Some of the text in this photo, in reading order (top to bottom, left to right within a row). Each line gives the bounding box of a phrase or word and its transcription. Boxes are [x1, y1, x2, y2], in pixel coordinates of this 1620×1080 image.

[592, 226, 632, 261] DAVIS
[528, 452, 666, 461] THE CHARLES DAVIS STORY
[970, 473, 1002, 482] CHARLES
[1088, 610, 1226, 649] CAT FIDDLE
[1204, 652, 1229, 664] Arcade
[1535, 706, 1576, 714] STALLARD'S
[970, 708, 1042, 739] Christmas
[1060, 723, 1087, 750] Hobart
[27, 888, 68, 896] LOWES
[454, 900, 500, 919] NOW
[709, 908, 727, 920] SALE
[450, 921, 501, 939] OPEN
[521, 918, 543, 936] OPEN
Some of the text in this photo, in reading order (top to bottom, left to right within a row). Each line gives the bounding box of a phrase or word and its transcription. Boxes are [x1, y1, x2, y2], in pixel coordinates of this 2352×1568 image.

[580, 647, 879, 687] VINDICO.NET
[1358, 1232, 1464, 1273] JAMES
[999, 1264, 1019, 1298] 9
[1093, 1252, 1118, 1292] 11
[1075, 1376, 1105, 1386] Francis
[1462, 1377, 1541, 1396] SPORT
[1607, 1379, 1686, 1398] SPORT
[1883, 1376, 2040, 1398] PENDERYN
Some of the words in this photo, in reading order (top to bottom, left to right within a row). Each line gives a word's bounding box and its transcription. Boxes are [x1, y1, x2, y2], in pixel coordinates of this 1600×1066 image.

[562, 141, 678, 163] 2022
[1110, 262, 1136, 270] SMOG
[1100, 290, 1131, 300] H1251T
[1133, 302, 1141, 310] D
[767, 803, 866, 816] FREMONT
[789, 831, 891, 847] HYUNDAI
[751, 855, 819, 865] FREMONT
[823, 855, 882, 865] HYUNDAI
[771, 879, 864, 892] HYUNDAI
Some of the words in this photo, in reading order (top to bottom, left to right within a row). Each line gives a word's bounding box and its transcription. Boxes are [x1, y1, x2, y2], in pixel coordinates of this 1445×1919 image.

------------------------------------------------------------------------

» Work to complete: All of the material must be reproduced exactly.

» Output:
Some of the text in this photo, in reading order (top to bottom, left to right within a row). Each line gives the bounding box of a phrase or word and its transcription. Boxes are [x1, y1, x2, y2], in pixel coordinates of this 1620×1080 image.

[592, 226, 632, 261] DAVIS
[528, 452, 666, 461] THE CHARLES DAVIS STORY
[970, 473, 1002, 482] CHARLES
[1088, 610, 1226, 649] CAT FIDDLE
[1204, 652, 1229, 664] Arcade
[1535, 706, 1576, 714] STALLARD'S
[970, 708, 1042, 739] Christmas
[1060, 723, 1087, 750] Hobart
[27, 888, 68, 896] LOWES
[454, 900, 500, 919] NOW
[709, 908, 727, 920] SALE
[450, 921, 501, 939] OPEN
[521, 918, 543, 936] OPEN
Some of the text in this photo, in reading order (top to bottom, left to right within a row). Each line gives the bounding box of a phrase or word and its transcription. Boxes are [x1, y1, x2, y2], in pixel coordinates of this 2352×1568 image.

[580, 647, 879, 687] VINDICO.NET
[1358, 1232, 1464, 1273] JAMES
[999, 1264, 1019, 1298] 9
[1093, 1252, 1118, 1292] 11
[1075, 1376, 1105, 1386] Francis
[1462, 1377, 1541, 1396] SPORT
[1607, 1379, 1686, 1398] SPORT
[1883, 1376, 2040, 1398] PENDERYN
Some of the words in this photo, in reading order (top to bottom, left to right within a row). Each line gives a word's bounding box and its transcription. Boxes are [x1, y1, x2, y2], in pixel coordinates of this 1600×1066 image.

[562, 141, 678, 163] 2022
[1110, 262, 1136, 270] SMOG
[1100, 290, 1131, 300] H1251T
[1133, 302, 1141, 310] D
[767, 803, 866, 816] FREMONT
[789, 831, 891, 847] HYUNDAI
[751, 855, 819, 865] FREMONT
[823, 855, 882, 865] HYUNDAI
[771, 879, 864, 892] HYUNDAI
Some of the words in this photo, in reading order (top to bottom, left to right within a row). Each line gives a word's bounding box and its transcription. Boxes are [x1, y1, x2, y2], in pixel coordinates of this 1445×1919 image.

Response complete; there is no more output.